2. Interpersonal Ethics –
Interpersonal Ethics refer to the set of ethics that govern human behaviour between two individuals. Interpersonal ethics are the explicit or tacit norms that delimit or constrain our pattern of interaction with other individuals. They often confine or moderate the scope of actions that we can perform in presence of other individuals, more so when it directly or indirectly affects them. When any individual is party to the effects of one’s actions, no matter how small, interpersonal ethics must be taken into account. However, in a narrower sense, Interpersonal ethics refers to the set of ethics that govern any direct interaction between two individuals including but not limited to all forms of conversation and correspondence and contact/non-contact physical interaction. Examples include being polite, staying receptive, and maintaining eye-contact while having a conversation.
3. Group Ethics –
Group ethics refers to the behavioural norms that govern the functioning of a group of people as a whole.
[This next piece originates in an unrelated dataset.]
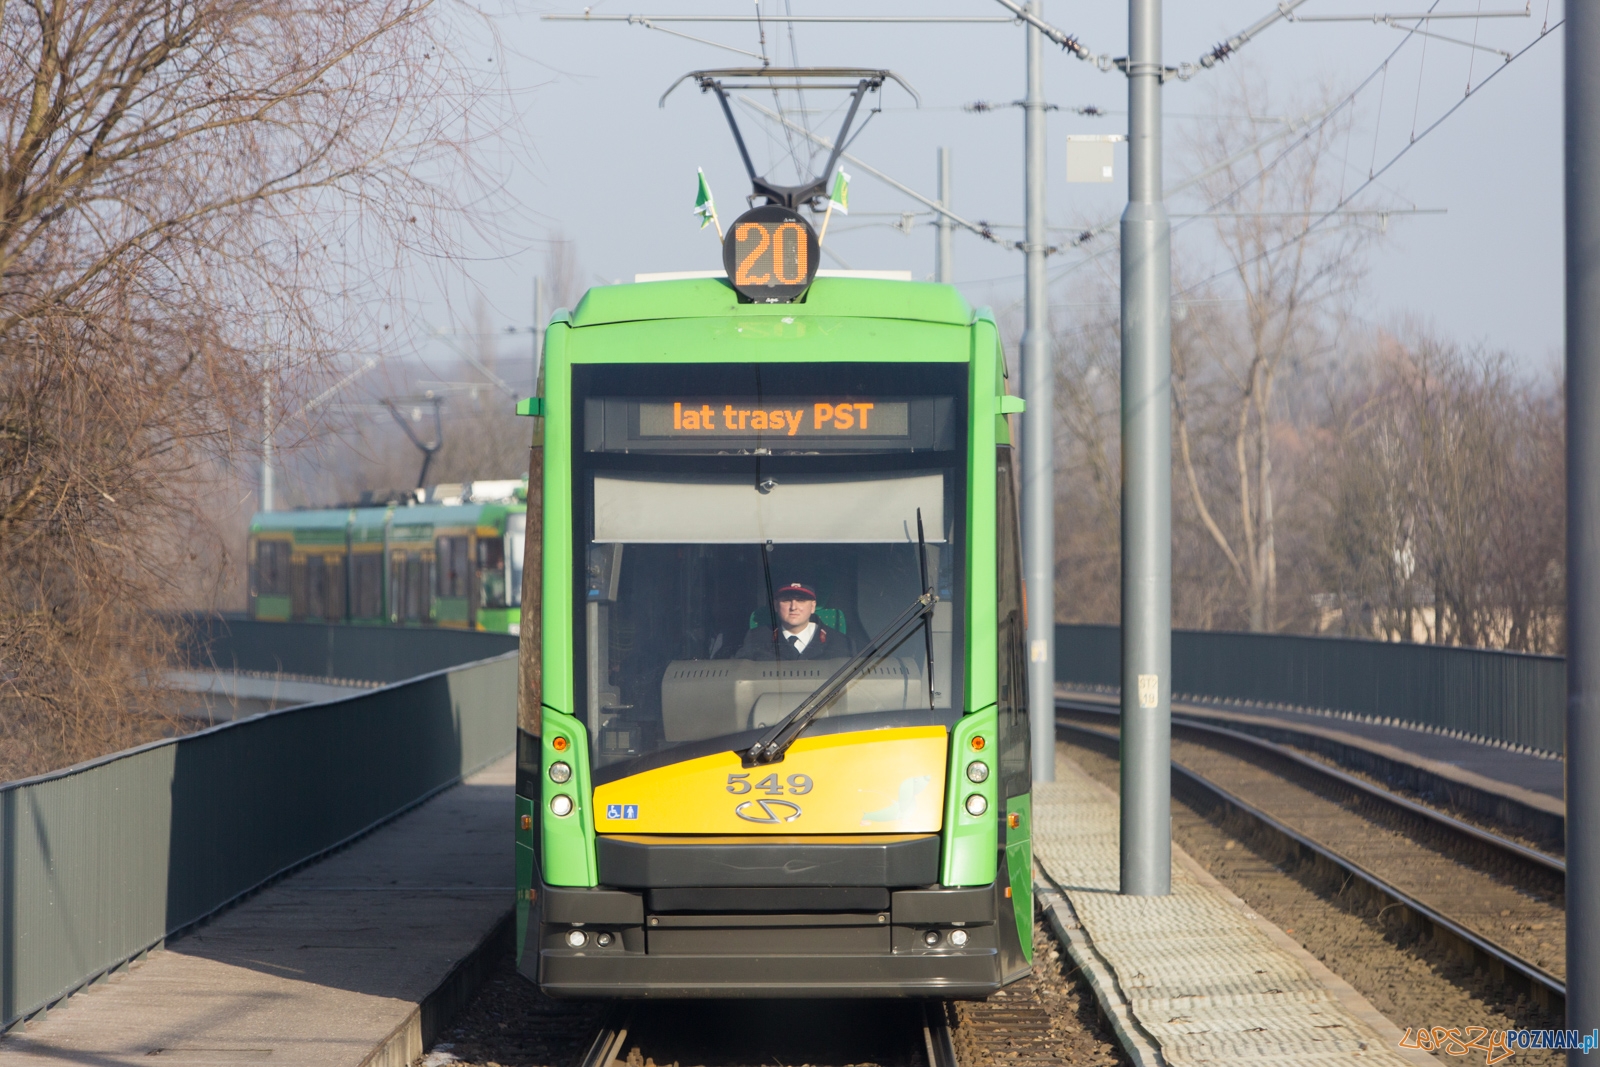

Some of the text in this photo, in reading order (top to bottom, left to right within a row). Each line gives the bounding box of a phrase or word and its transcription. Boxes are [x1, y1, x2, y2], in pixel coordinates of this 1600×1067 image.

[735, 222, 808, 285] 20
[673, 402, 874, 436] lat trasy PST
[725, 773, 814, 795] 549
They may exceed the sum of its parts in the sense that they cannot be achieved by a mere superposition of the combinatorial interpersonal ethics of all constituent individuals or their respective personal ethics, but the latter can become constraints to veto a decision or action during group interactions. Group Ethics can both add or subtract to interpersonal ethics because of multilateral engagement, simultaneous involvement, and treatment as a whole. An example of an act motivated by Group Ethics includes encouraging a hesitant or reserved team-member to speak up during a meeting or group discussion.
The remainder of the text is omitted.